┌─ GIVEN ENTRIES

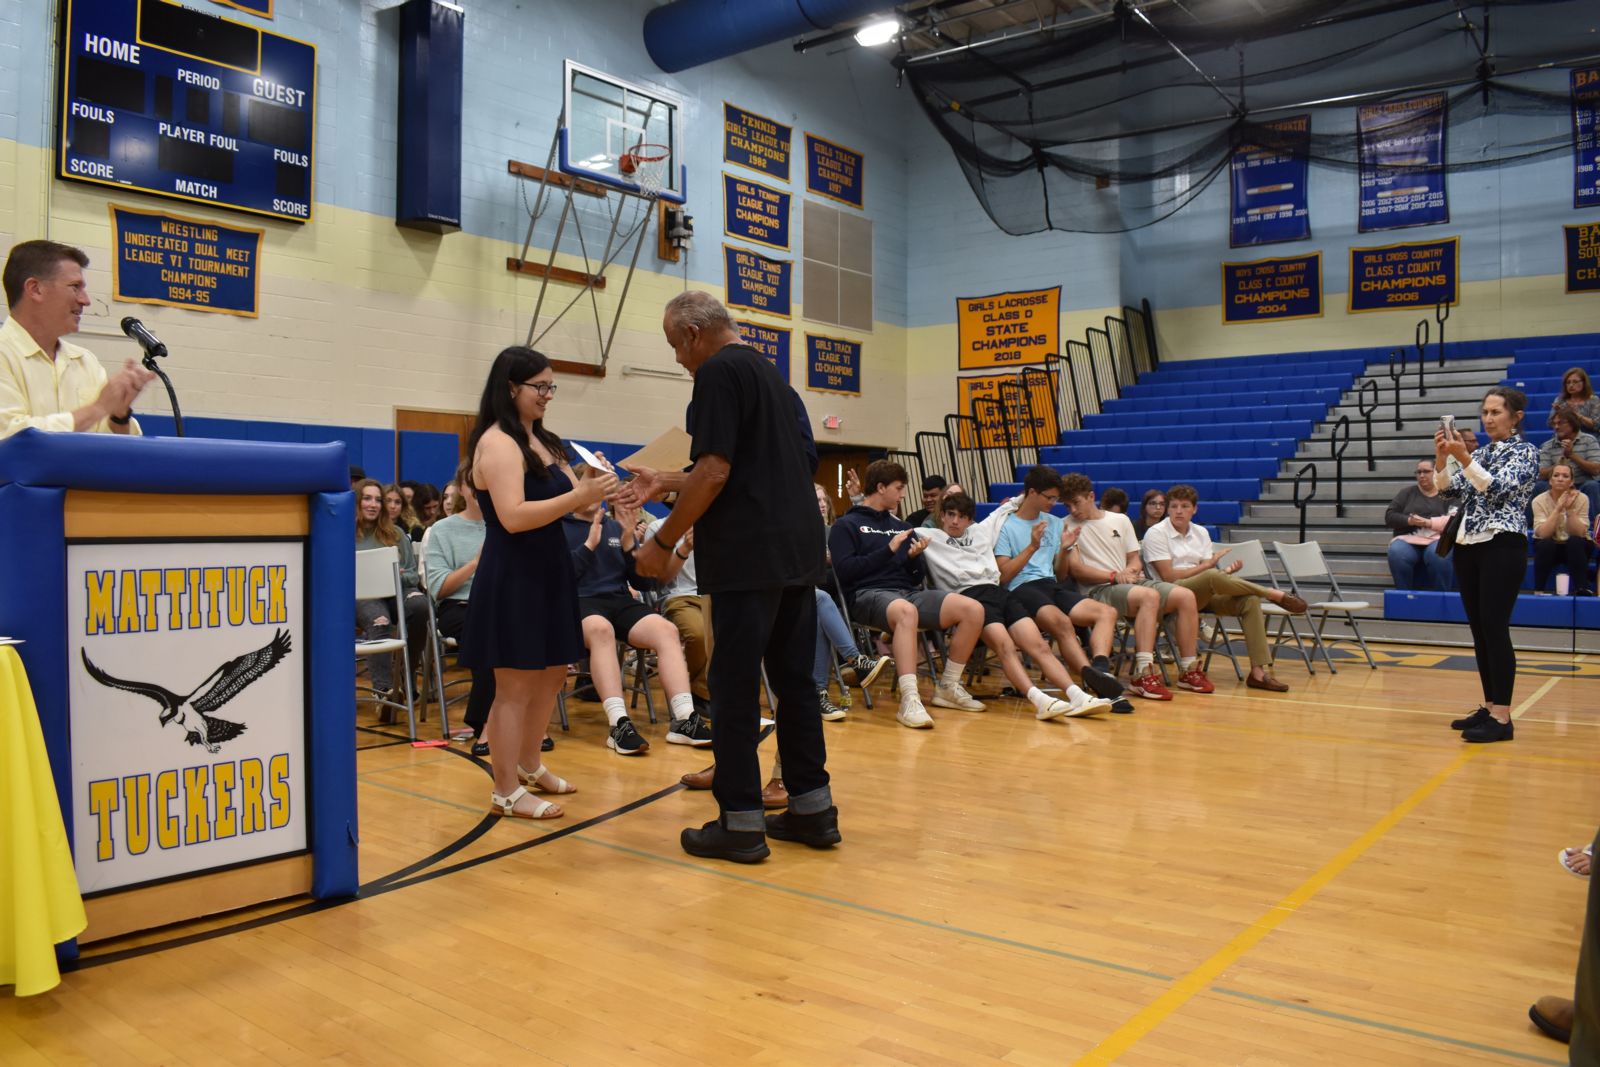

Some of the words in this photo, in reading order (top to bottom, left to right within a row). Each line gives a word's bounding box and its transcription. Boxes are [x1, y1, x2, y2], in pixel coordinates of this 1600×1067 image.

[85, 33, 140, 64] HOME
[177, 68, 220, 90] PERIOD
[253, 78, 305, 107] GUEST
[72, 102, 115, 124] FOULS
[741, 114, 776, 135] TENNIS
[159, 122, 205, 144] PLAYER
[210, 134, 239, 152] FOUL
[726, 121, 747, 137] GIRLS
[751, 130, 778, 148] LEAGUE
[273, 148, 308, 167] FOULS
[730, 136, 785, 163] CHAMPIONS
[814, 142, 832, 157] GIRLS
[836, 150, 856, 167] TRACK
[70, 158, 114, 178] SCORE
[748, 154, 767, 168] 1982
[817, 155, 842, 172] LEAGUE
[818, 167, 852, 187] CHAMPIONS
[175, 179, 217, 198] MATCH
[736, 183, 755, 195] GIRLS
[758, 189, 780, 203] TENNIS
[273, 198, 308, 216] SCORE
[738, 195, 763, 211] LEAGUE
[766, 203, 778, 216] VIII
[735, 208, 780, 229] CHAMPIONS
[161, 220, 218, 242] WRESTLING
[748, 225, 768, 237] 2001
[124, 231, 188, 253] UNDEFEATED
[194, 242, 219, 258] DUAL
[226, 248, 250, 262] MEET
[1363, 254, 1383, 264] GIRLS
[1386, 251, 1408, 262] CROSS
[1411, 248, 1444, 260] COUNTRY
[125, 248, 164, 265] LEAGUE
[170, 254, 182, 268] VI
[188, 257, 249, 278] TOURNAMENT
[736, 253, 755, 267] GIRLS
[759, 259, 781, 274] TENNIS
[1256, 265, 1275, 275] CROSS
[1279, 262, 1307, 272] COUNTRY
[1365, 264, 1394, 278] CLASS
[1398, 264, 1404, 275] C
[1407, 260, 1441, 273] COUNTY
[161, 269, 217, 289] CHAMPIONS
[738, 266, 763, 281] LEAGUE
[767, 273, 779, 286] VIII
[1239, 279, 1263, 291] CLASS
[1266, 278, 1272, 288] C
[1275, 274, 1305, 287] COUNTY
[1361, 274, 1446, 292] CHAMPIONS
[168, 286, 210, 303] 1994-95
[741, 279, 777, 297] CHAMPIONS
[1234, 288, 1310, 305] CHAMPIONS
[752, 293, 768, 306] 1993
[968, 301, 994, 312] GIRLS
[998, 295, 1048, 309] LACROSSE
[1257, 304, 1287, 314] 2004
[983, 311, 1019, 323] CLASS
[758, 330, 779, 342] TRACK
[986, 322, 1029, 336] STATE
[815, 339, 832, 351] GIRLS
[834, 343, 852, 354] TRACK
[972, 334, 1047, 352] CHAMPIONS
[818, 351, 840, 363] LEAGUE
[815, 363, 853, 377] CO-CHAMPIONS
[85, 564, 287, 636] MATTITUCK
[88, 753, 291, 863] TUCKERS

└─

§ **EXERCISE BRIEF**
Pull each line containing the word "TRACK" out of the data above.

§ **RESPONSE TO THIS EXERCISE**
[836, 150, 856, 167] TRACK
[758, 330, 779, 342] TRACK
[834, 343, 852, 354] TRACK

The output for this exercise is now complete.